Da quell’intervento sono emerse anche altre due annotazioni fondamentali. “Guardando al futuro – ha detto Panetta – la politica di bilancio dovrà tenere conto dell’invecchiamento della popolazione e dei nuovi impegni in materia di difesa, sostenendo la capacità produttiva”. Ma di queste cose non c’è traccia nella manovra 2026, e non si vedono neppure alla lontana nelle scelte di un governo che si distingue in Europa per la battaglia contro la riconversione ecologica dell’economia.
L’Italia è retroguardia non solo sui livelli salariali e sull’ingresso dei giovani nel mondo del lavoro. Il nostro Paese segue Trump, ma non imita Trump. Non si pone cioè il problema del futuro dell’industria e in generale della produzione, cosa che invece pare ricominci a interessare l’Europa. È in corso a Bergamo un convegno internazionale in cui si sta discutendo di reindustralizzazione. La scommessa, secondo gli organizzatori dell’evento, è quella di rilanciare l’industria salvaguardando l’ecologia. “La transizione ecologica – spiega una ricercatrice intervenuta a Bergamo, Anais Voy Gillis – non rallenta l’industria: sostenibilità e competitività sono complementari”.
Solo fantasie? Tutta roba da vecchio Novecento? Quello che è certo è che oggi non sono più possibili risposte banali. E soprattutto sarebbe ora di affrontare gli allarmi che vengono da più parti. Se lo storico francese Emmanuel Todd parla della “sconfitta dell’Occidente”, in Italia Pier Giorgio Ardeni, professore di economia a Bologna, parla di “sviluppo al capolinea”, ovvero della crisi che l’Italia deve risolvere per non precipitare. Secondo lo studioso, non solo non esistono visioni diverse e un approccio che superi il dogma neoliberale, ma non ci sono ancora neppure le premesse per tentare di dare risposte alle domande fondamentali ed epocali: contro l’invecchiamento progressivo, favorire l’immigrazione o fare più figli? Com’è possibile aumentare la produttività e come aumentare i salari che stanno al palo? È possibile ridurre le diseguaglianze? Come ridurre il consumo di suolo e favorire la transizione energetica ed ecologica? Ma noi, italiani brava gente, abbiamo per ora cominciato solo a dare una risposta al problema dei bassi salari: aumentando quello di Brunetta.

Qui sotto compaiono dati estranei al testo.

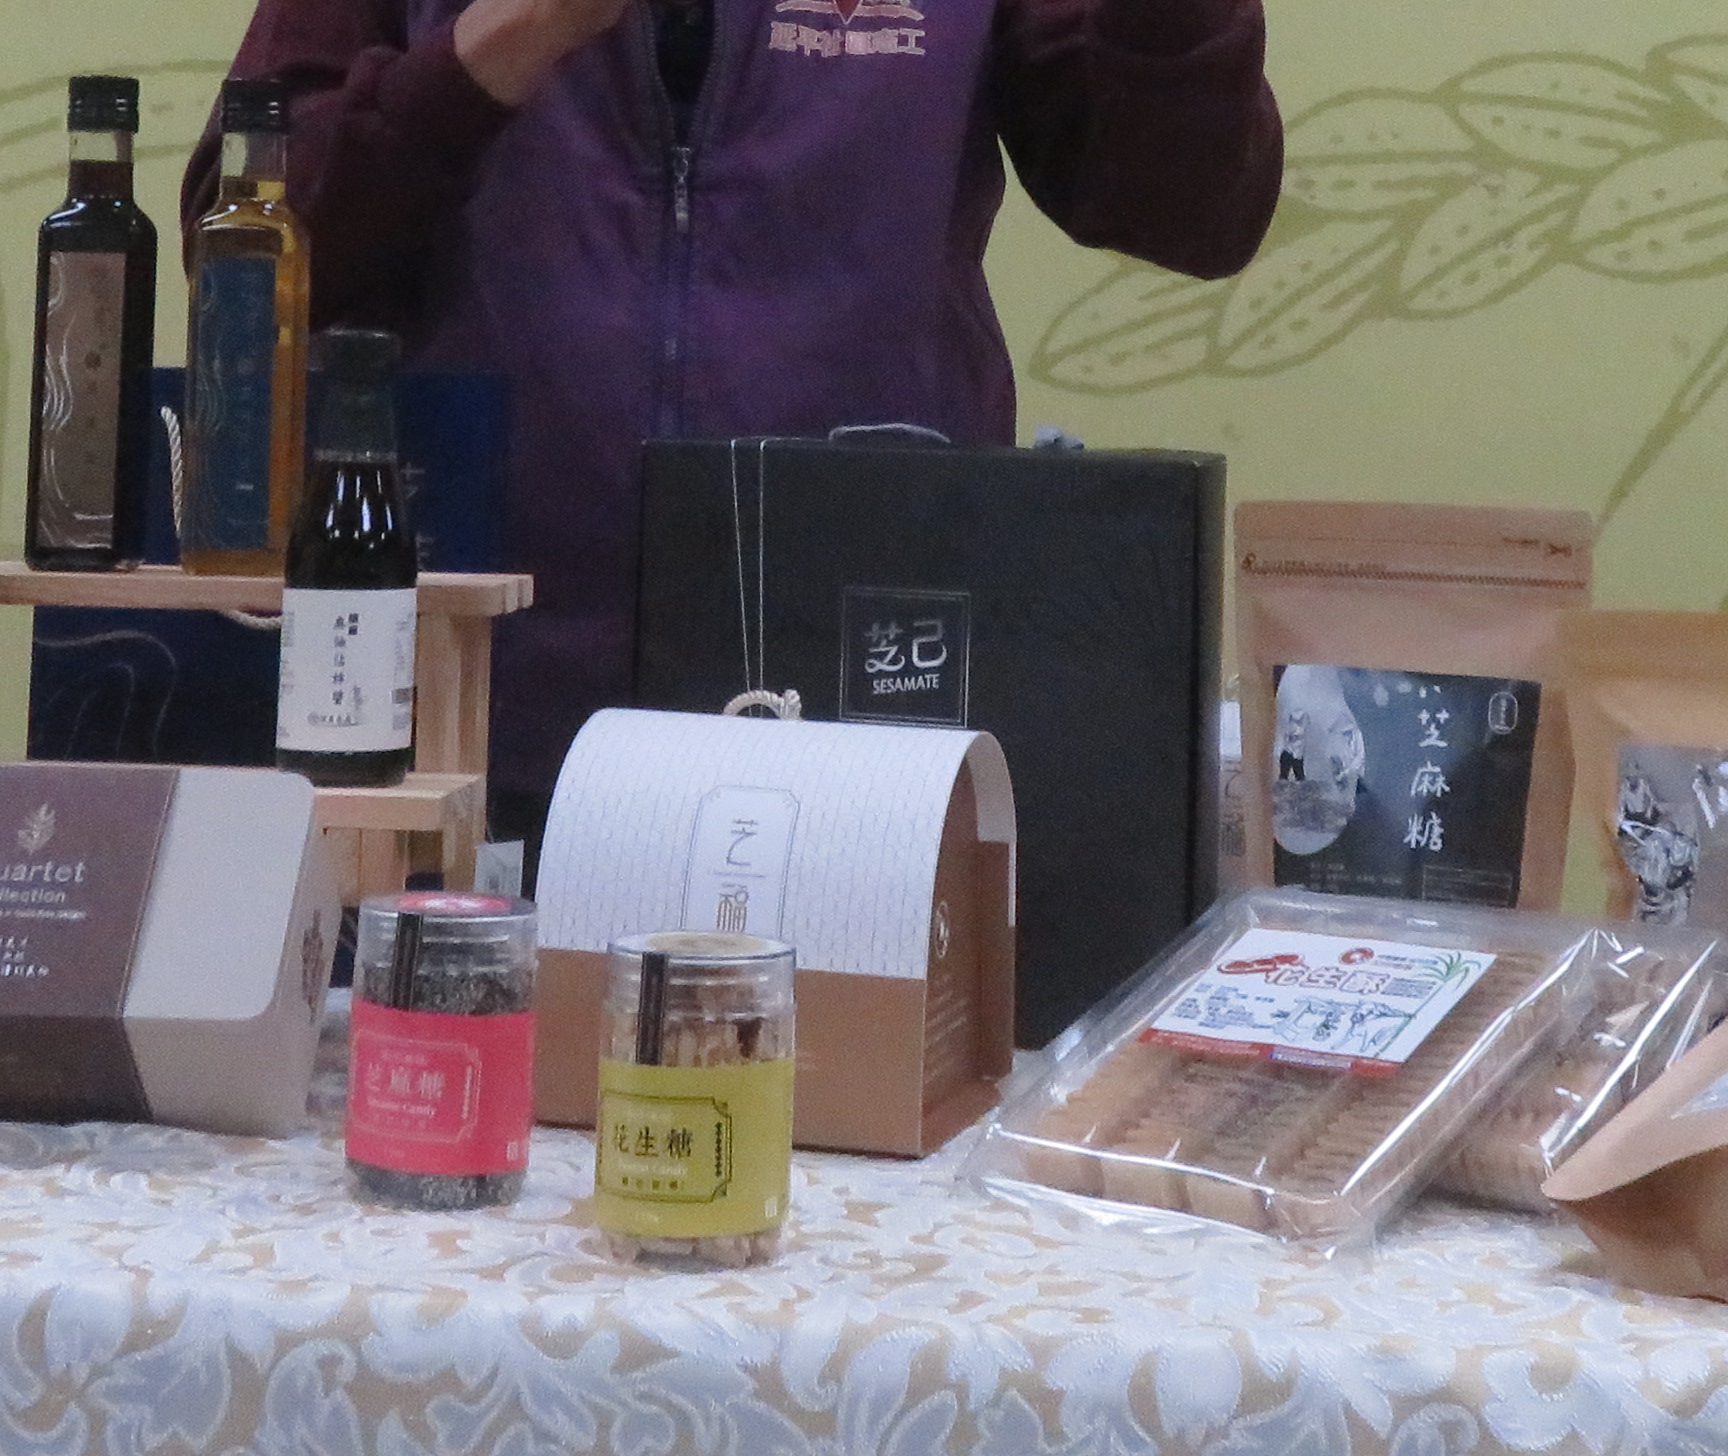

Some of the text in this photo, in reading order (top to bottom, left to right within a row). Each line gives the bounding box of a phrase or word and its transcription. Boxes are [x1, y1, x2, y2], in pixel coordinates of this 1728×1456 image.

Post-scriptum (8/11/25) – La notizia dell’aumento dello stipendio di Brunetta e dei dirigenti del Cnel ha suscitato un gran polverone mediatico e pare abbia indignato anche la presidente del Consiglio, che giura di non essere stata informata preventivamente. Risultato: Brunetta è stato costretto a fare marcia indietro. L’aumento può attendere. Nel frattempo, il segretario generale della Cgil, Maurizio Landini, ha detto che lo sciopero generale del 12 dicembre potrebbe essere revocato se il governo accetterà di modificare la manovra secondo le richieste dei sindacati (e sì, perché anche Cisl e Uil, come abbiamo scritto, questa volta non sono soddisfatte). Ma se Brunetta è stato costretto al contrordine, siamo assolutamente scettici che Giorgia Meloni e i suoi ministri possano essere disponibili a un seppur minimo aggiustamento. Vedremo.